### WHAT THIS TASK INVOLVES
A word-for-word copy of the data, with no images, is the required answer.

ENTRIES SHOWN: Begin

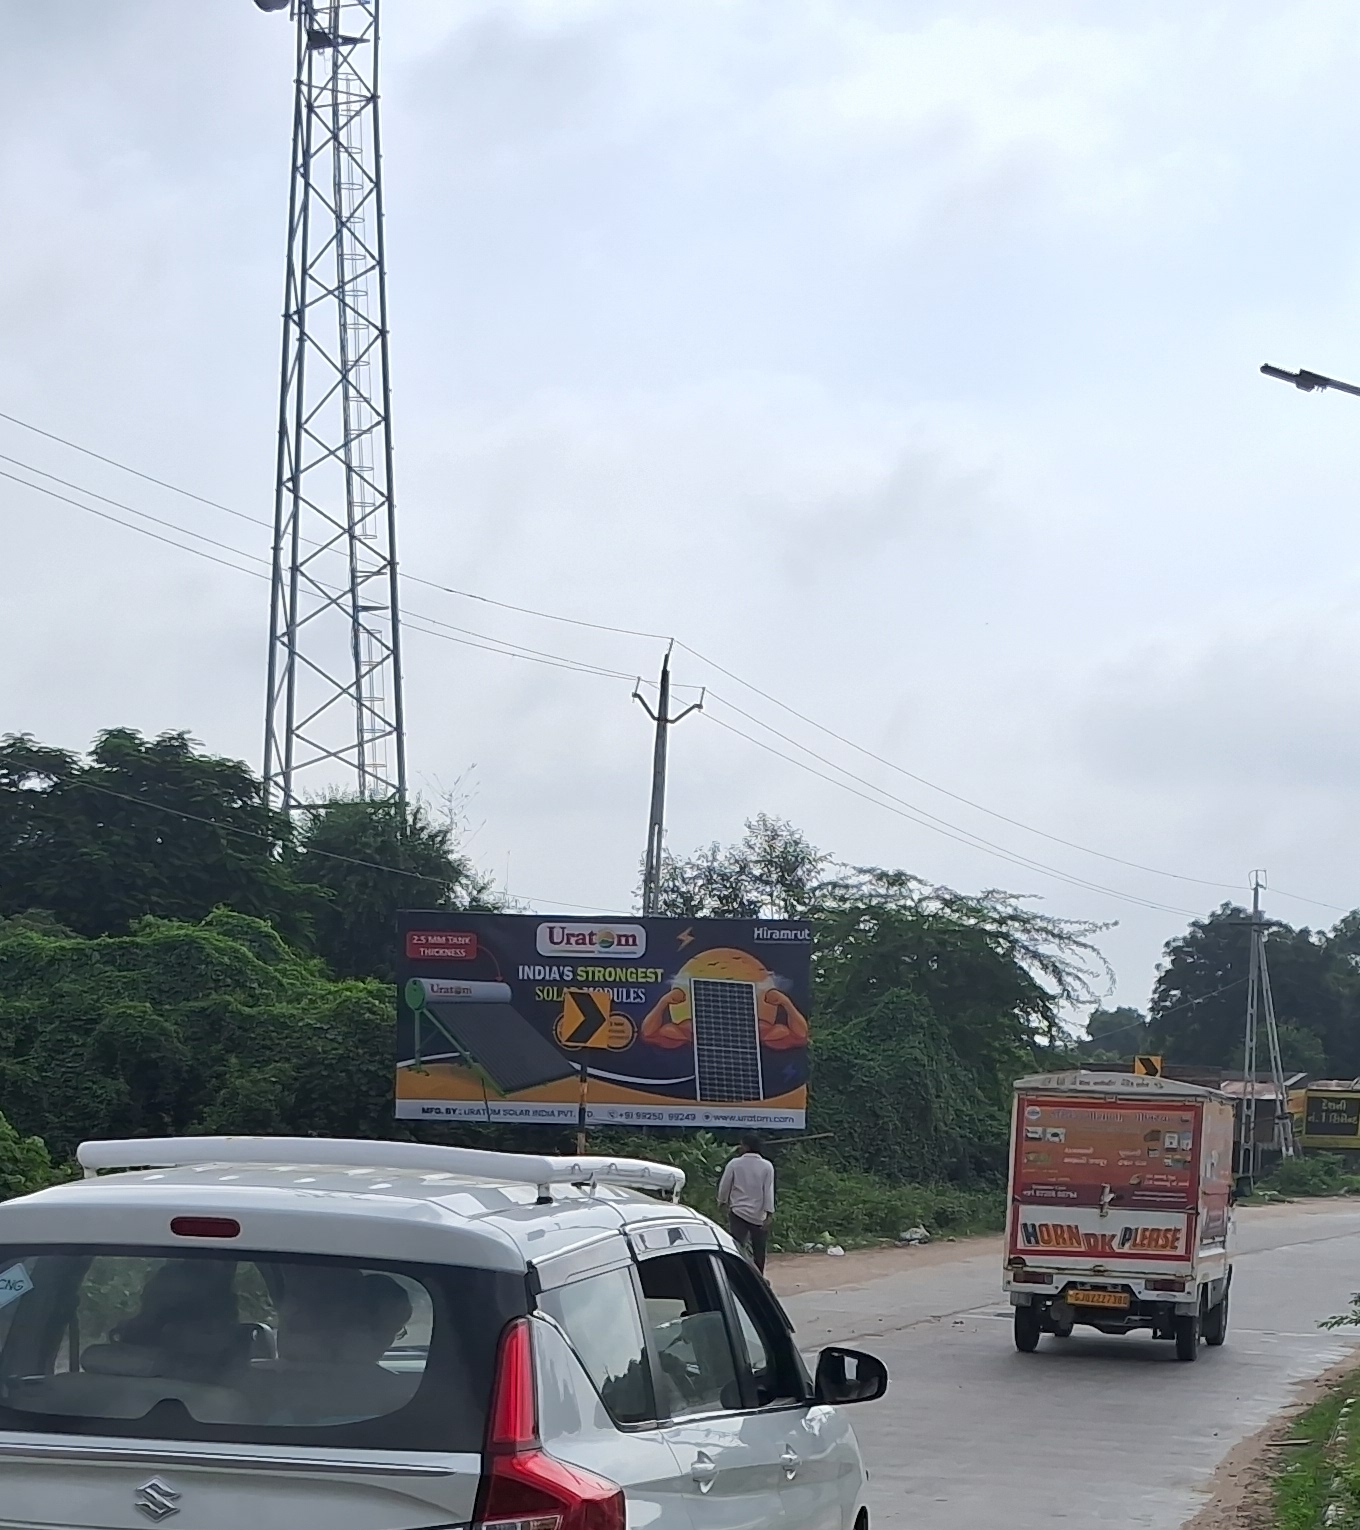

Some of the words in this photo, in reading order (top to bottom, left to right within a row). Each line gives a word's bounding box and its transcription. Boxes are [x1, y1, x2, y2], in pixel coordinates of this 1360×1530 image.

[447, 936, 471, 945] TANK
[547, 926, 638, 949] Uratom
[754, 926, 811, 940] Hiramrut
[419, 948, 466, 957] THICKNESS
[518, 965, 573, 981] INDIA'S
[576, 966, 664, 983] STRONGEST
[1021, 1223, 1083, 1248] HORN
[1117, 1226, 1183, 1250] PLEASE
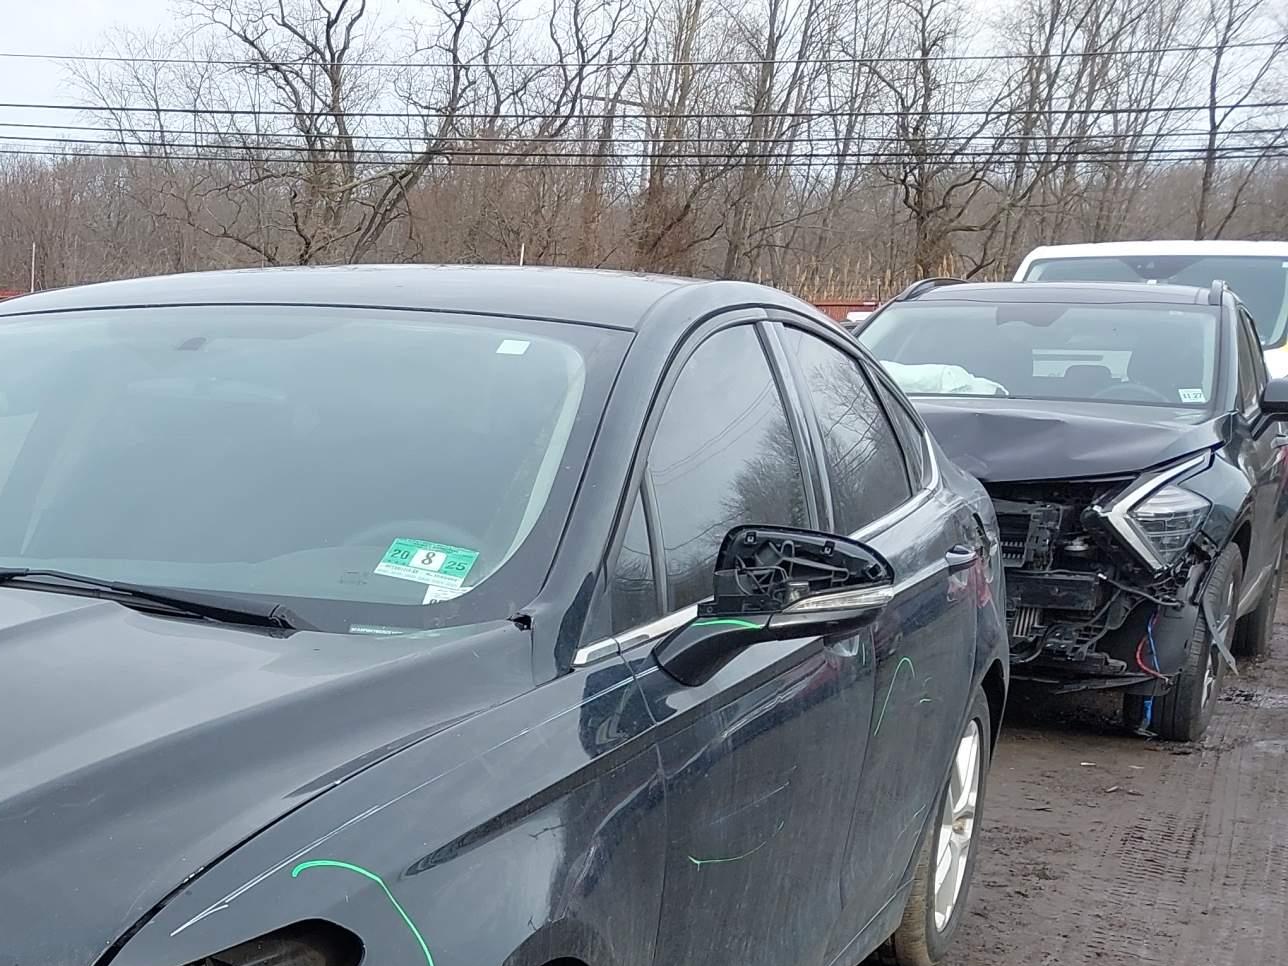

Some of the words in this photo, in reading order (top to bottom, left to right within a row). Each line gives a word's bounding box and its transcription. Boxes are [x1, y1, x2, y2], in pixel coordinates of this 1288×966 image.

[390, 548, 411, 560] 20
[421, 551, 436, 566] 8
[444, 560, 468, 571] 25
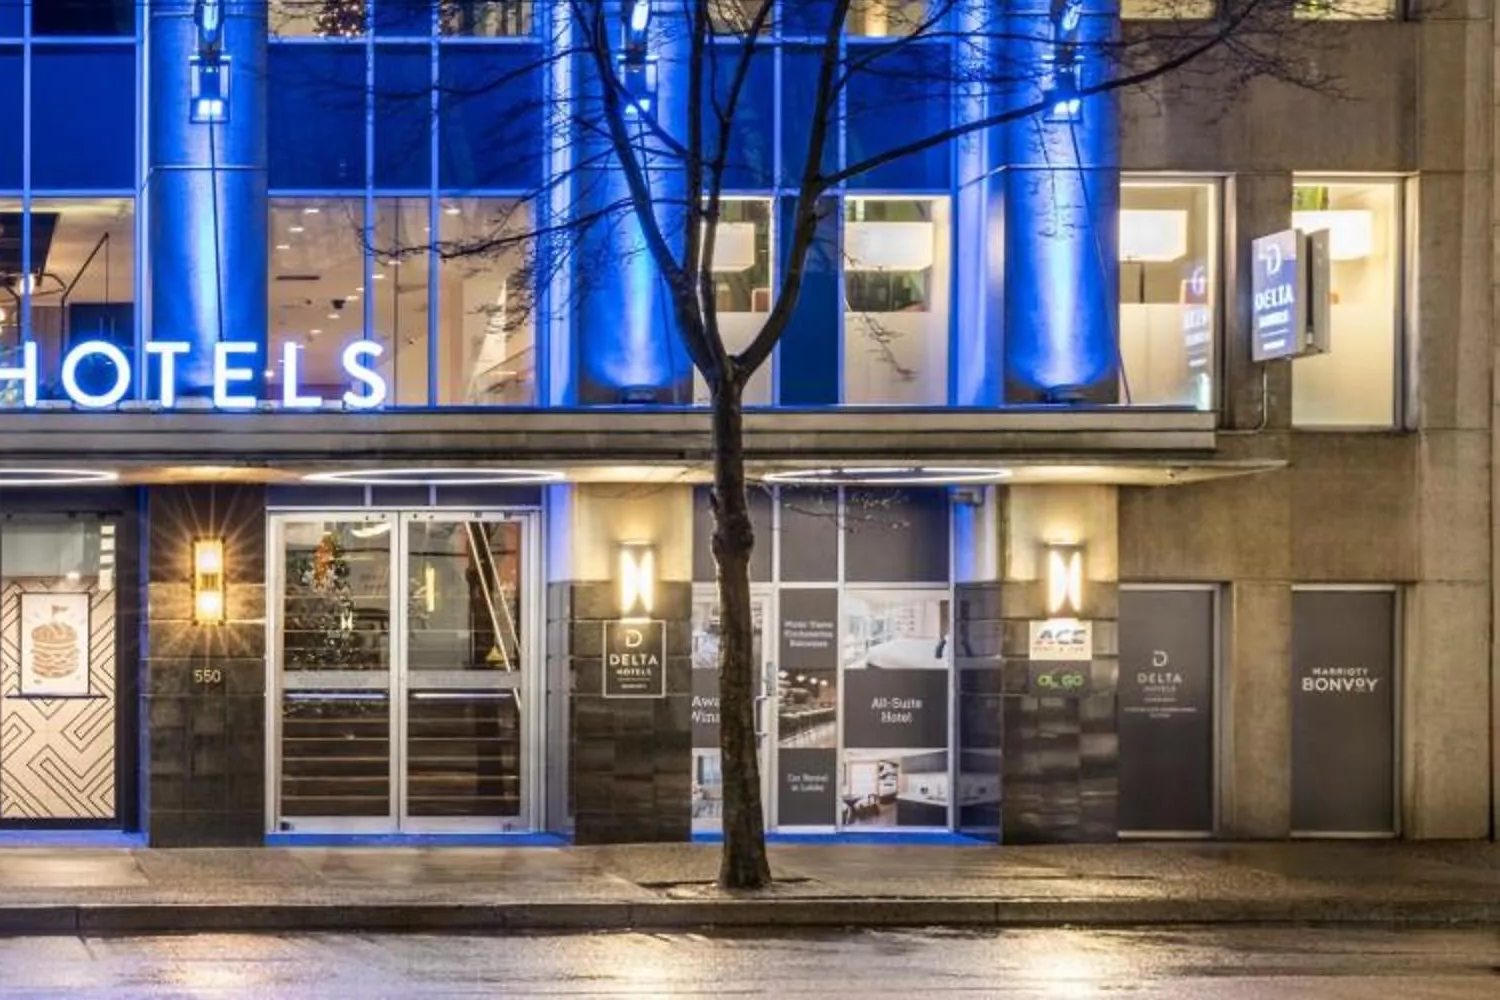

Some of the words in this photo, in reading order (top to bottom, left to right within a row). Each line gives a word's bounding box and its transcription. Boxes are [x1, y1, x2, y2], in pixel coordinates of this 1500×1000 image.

[1255, 284, 1295, 311] DELTA
[1035, 628, 1087, 646] ACE
[609, 653, 659, 667] DELTA
[194, 669, 221, 683] 550
[1137, 672, 1182, 684] DELTA
[1312, 667, 1368, 676] MARRIOTT
[1302, 677, 1378, 692] BONVOY
[871, 697, 923, 709] All-Suite
[881, 711, 913, 723] Hotel

ENTRIES SHOWN: End

### RESULT BELOW
Some of the words in this photo, in reading order (top to bottom, left to right within a row). Each line gives a word's bounding box and its transcription. Boxes are [x1, y1, x2, y2], in pixel coordinates of this 1360×1530 image.

[447, 936, 471, 945] TANK
[547, 926, 638, 949] Uratom
[754, 926, 811, 940] Hiramrut
[419, 948, 466, 957] THICKNESS
[518, 965, 573, 981] INDIA'S
[576, 966, 664, 983] STRONGEST
[1021, 1223, 1083, 1248] HORN
[1117, 1226, 1183, 1250] PLEASE

Some of the words in this photo, in reading order (top to bottom, left to right within a row). Each line gives a word's bounding box and its transcription. Boxes are [x1, y1, x2, y2], in pixel coordinates of this 1288×966 image.

[390, 548, 411, 560] 20
[421, 551, 436, 566] 8
[444, 560, 468, 571] 25

Some of the words in this photo, in reading order (top to bottom, left to right within a row). Each line gives a word's bounding box and its transcription. Boxes are [x1, y1, x2, y2], in pixel coordinates of this 1500×1000 image.

[1255, 284, 1295, 311] DELTA
[1035, 628, 1087, 646] ACE
[609, 653, 659, 667] DELTA
[194, 669, 221, 683] 550
[1137, 672, 1182, 684] DELTA
[1312, 667, 1368, 676] MARRIOTT
[1302, 677, 1378, 692] BONVOY
[871, 697, 923, 709] All-Suite
[881, 711, 913, 723] Hotel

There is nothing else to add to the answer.